Only text is carried over. Reproduce the entries below exactly.

====== Data shown ======

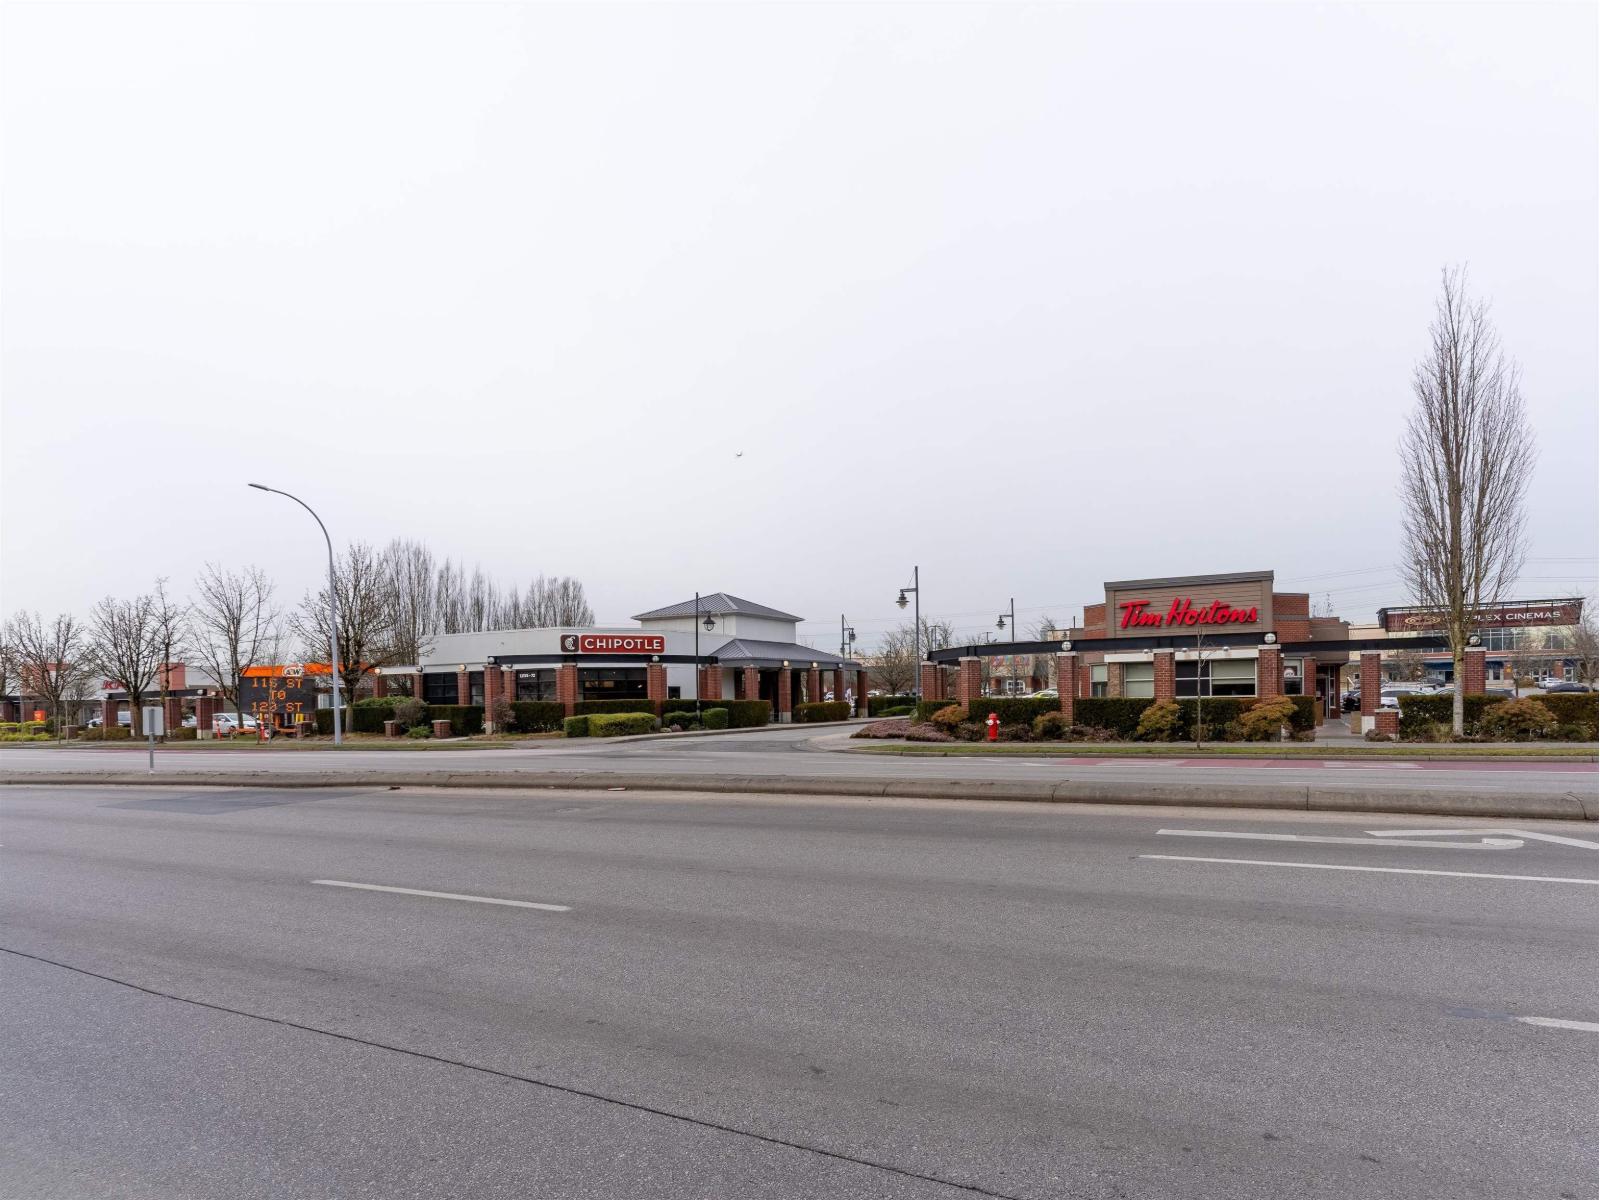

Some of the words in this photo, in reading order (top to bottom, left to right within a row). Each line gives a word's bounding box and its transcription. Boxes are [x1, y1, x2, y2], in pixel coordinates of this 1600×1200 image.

[1119, 600, 1163, 629] Tim
[1165, 596, 1258, 626] Hortons
[1505, 611, 1561, 620] CINEMAS
[584, 638, 662, 650] CHIPOTLE
[286, 678, 303, 688] ST
[271, 690, 286, 700] TO
[286, 702, 303, 712] ST
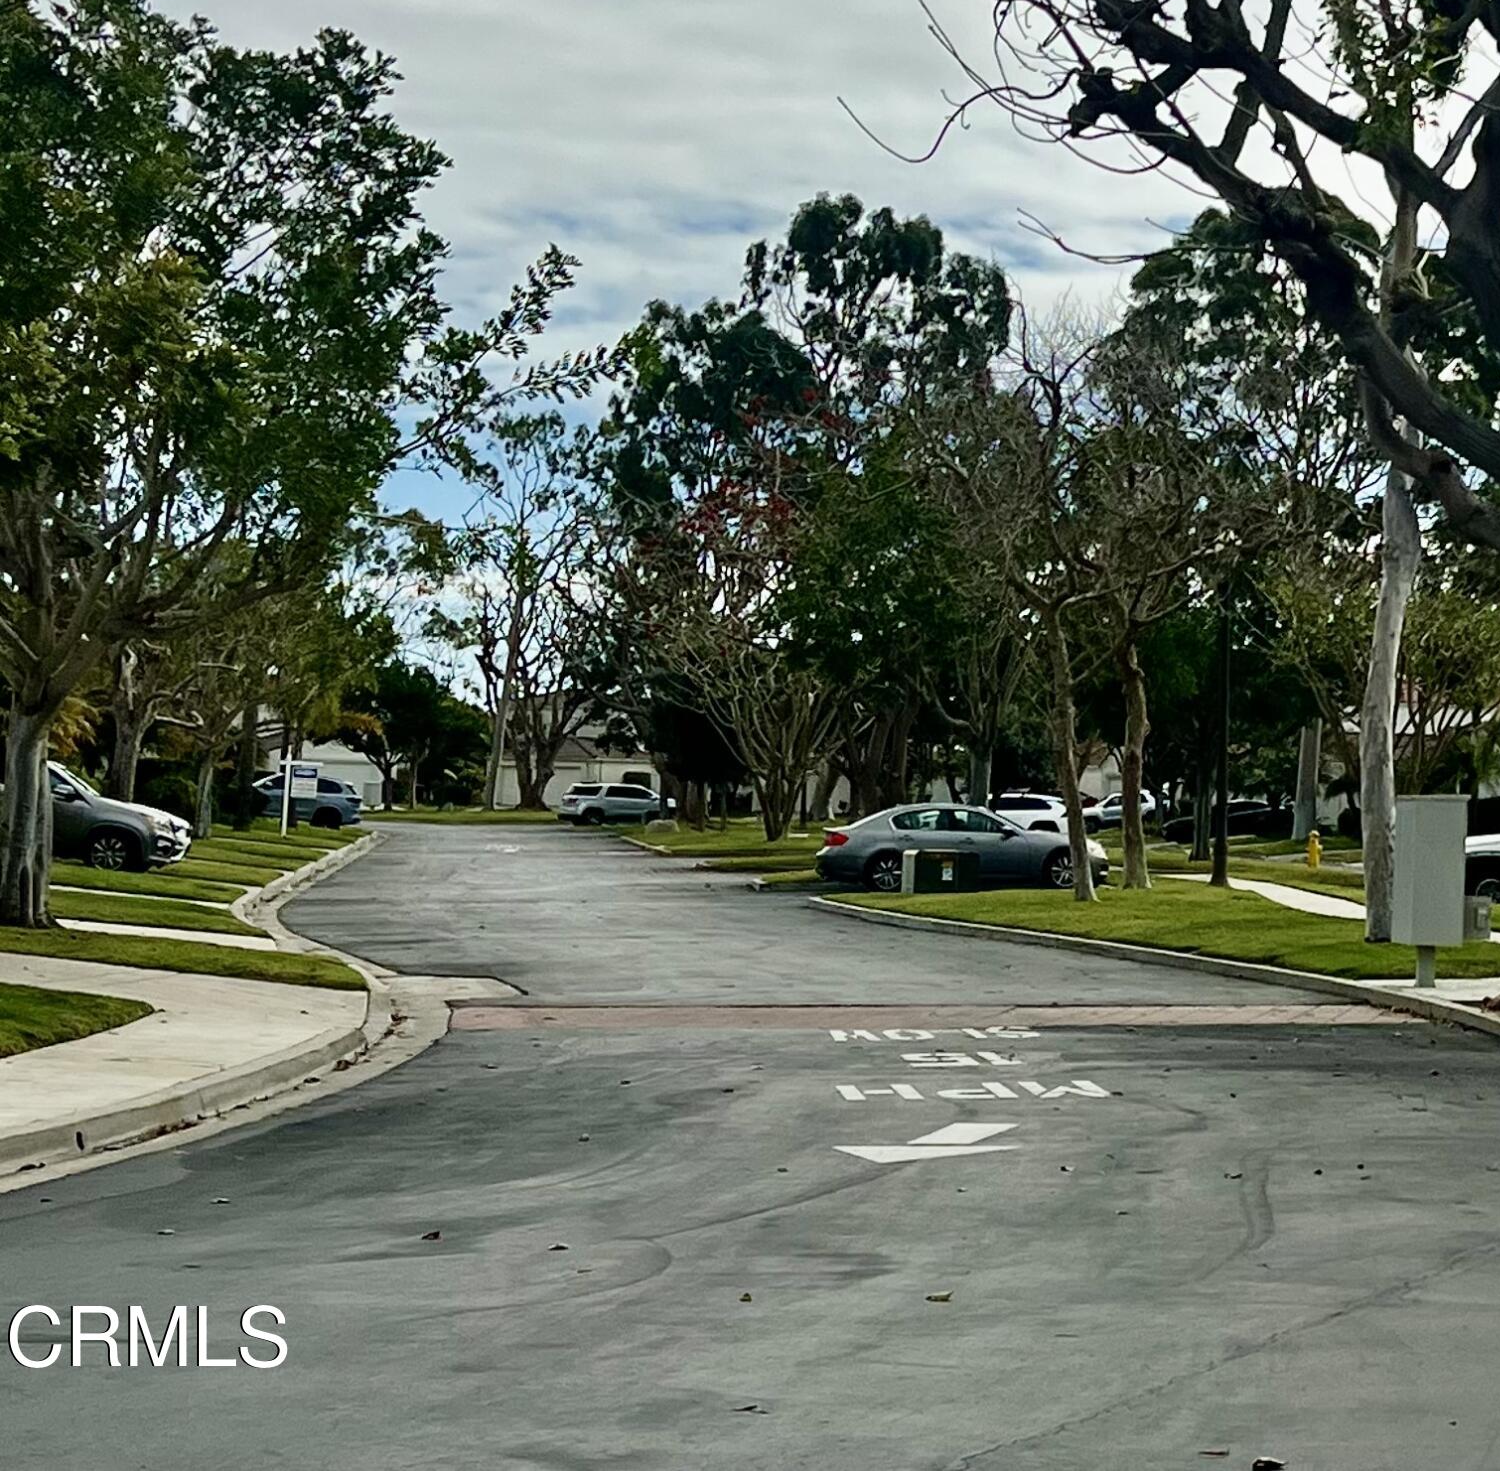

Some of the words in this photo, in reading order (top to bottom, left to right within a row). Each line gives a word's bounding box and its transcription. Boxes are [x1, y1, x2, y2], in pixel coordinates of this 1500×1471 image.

[829, 1025, 1041, 1042] SLOW
[900, 1051, 1022, 1068] 15
[835, 1080, 1111, 1101] MPH
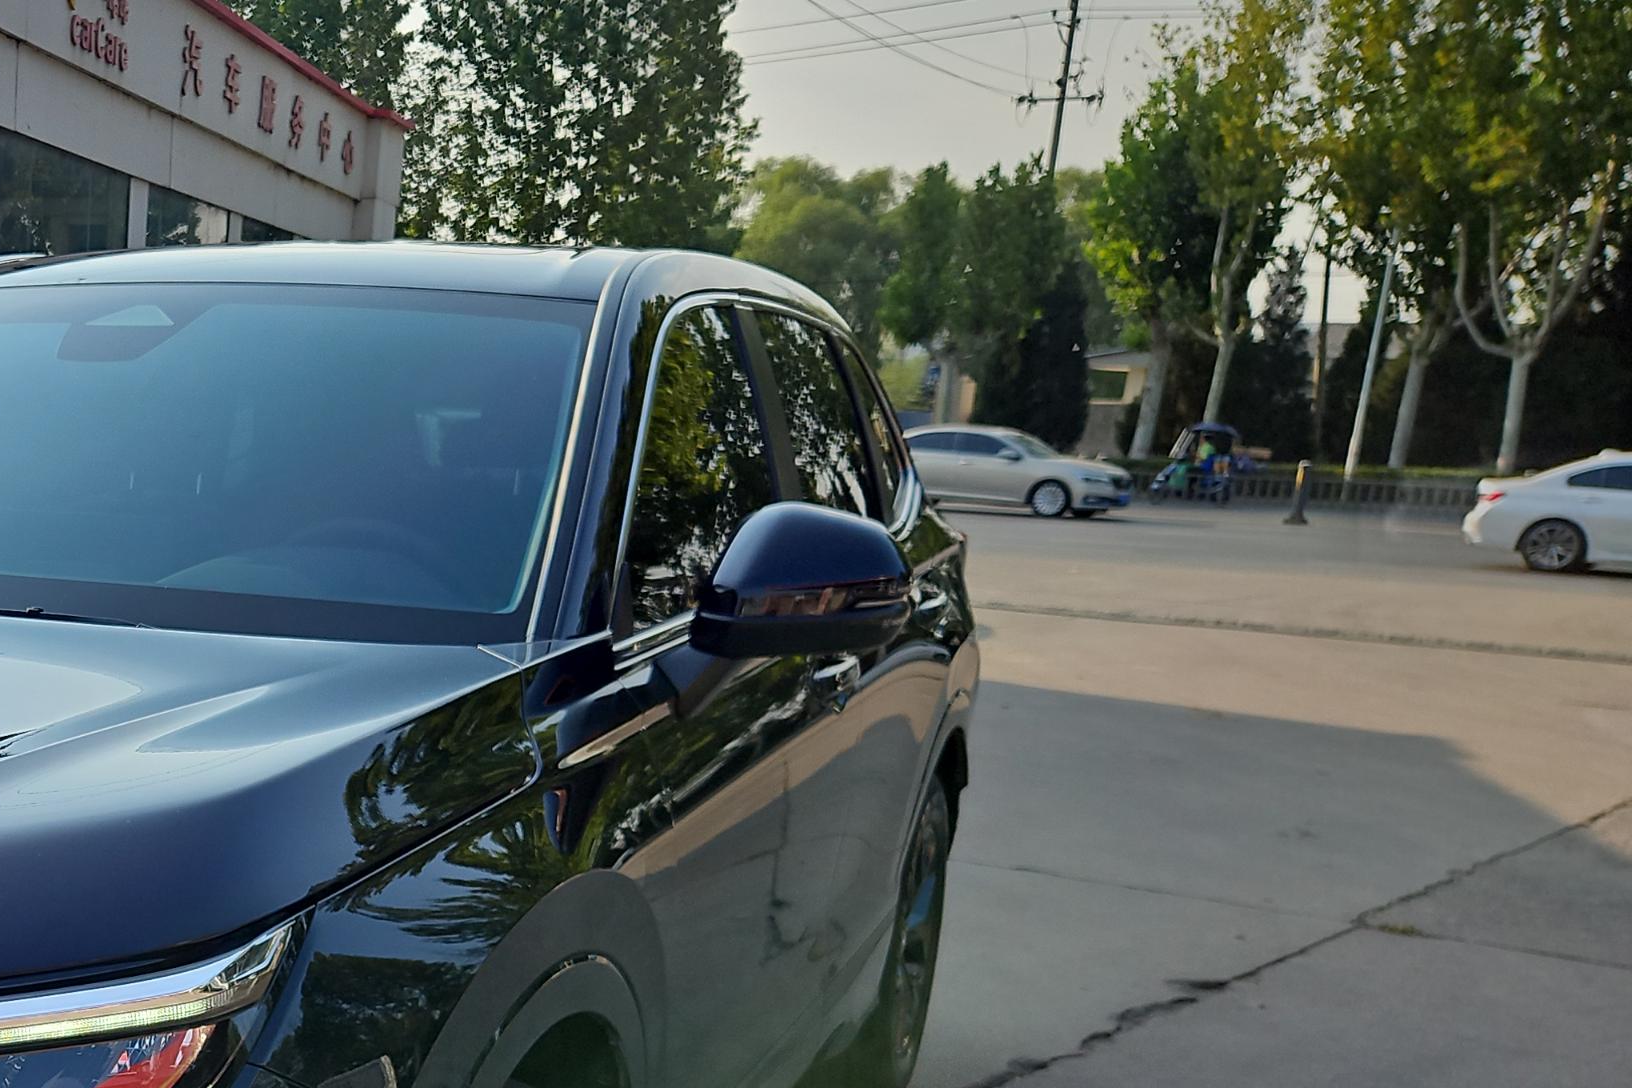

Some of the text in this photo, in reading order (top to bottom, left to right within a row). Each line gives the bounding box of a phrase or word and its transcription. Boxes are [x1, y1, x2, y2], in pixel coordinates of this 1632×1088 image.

[181, 24, 354, 175] 汽车服务中心
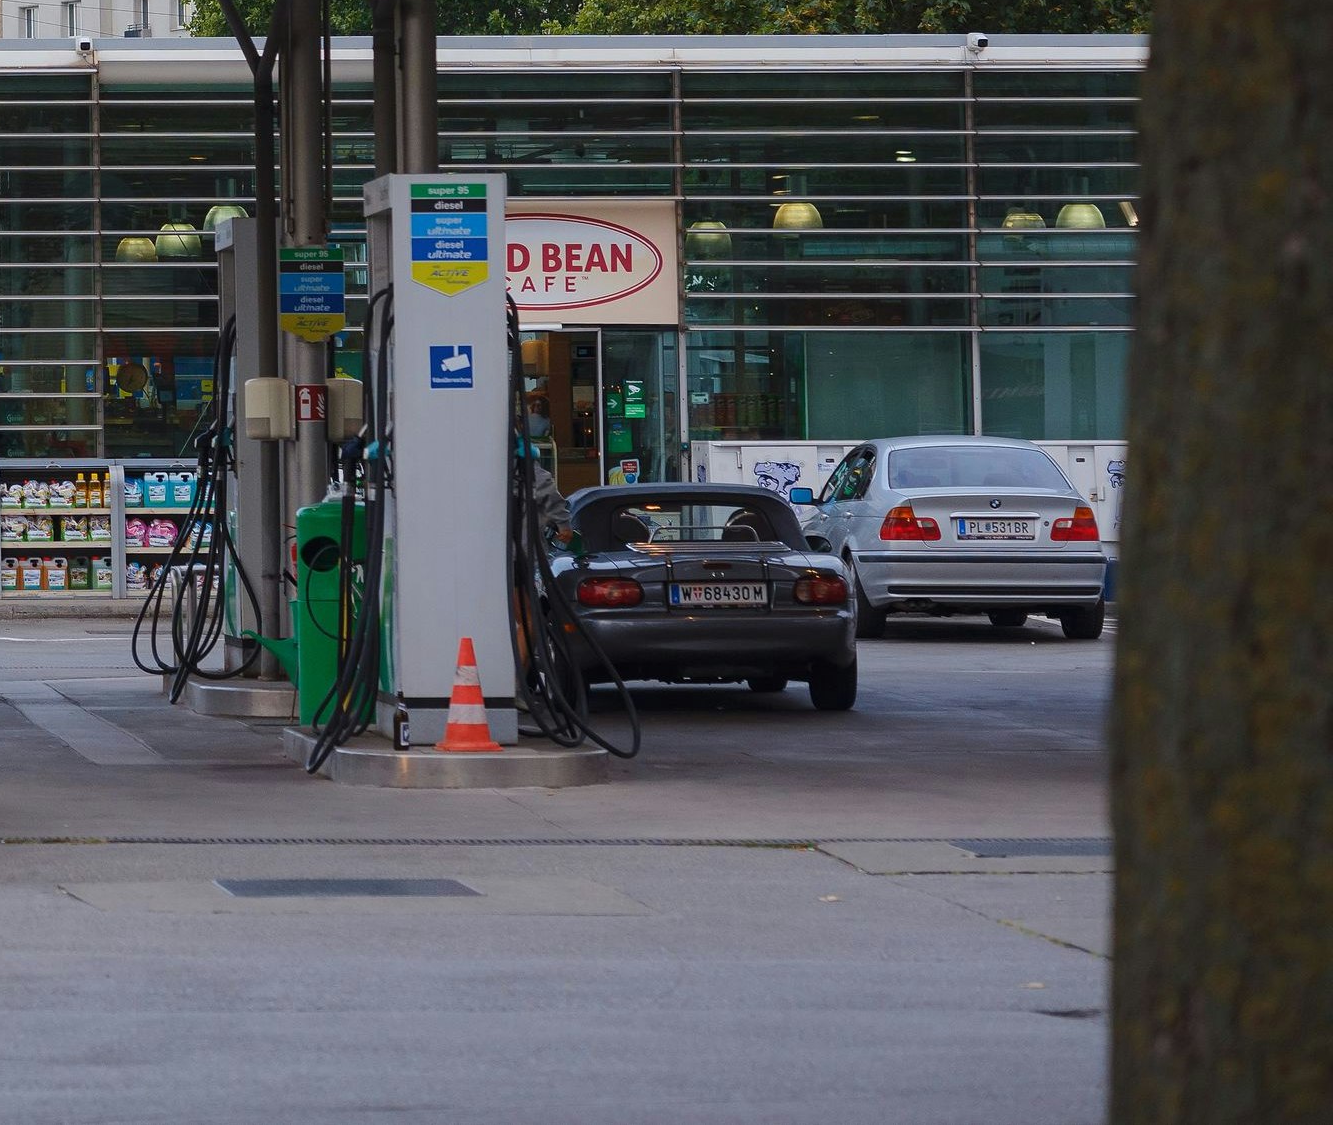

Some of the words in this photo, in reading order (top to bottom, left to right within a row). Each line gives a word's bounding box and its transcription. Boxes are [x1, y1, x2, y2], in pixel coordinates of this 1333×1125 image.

======

Task output -
Some of the words in this photo, in reading order (top to bottom, left to right within a row). Each line gives a word's bounding box and its transcription. Boxes are [x1, y1, x2, y2], in pixel coordinates of this 1600×1200 image.

[1119, 600, 1163, 629] Tim
[1165, 596, 1258, 626] Hortons
[1505, 611, 1561, 620] CINEMAS
[584, 638, 662, 650] CHIPOTLE
[286, 678, 303, 688] ST
[271, 690, 286, 700] TO
[286, 702, 303, 712] ST

Some of the words in this photo, in reading order (top to bottom, left to right within a row). Each line gives a word's bounding box and its transcription. Boxes are [x1, y1, x2, y2], in pixel coordinates of this 1500×1471 image.

[829, 1025, 1041, 1042] SLOW
[900, 1051, 1022, 1068] 15
[835, 1080, 1111, 1101] MPH

Some of the text in this photo, in reading order (top to bottom, left to right within a row). Each line gives the bounding box of a phrase or word and its transcription. Boxes are [x1, y1, x2, y2], in pixel coordinates of this 1632×1088 image.

[181, 24, 354, 175] 汽车服务中心

Some of the words in this photo, in reading order (top to bottom, left to right within a row). Each line gives a word's bounding box and its transcription. Boxes are [x1, y1, x2, y2], in pixel coordinates of this 1333×1125 image.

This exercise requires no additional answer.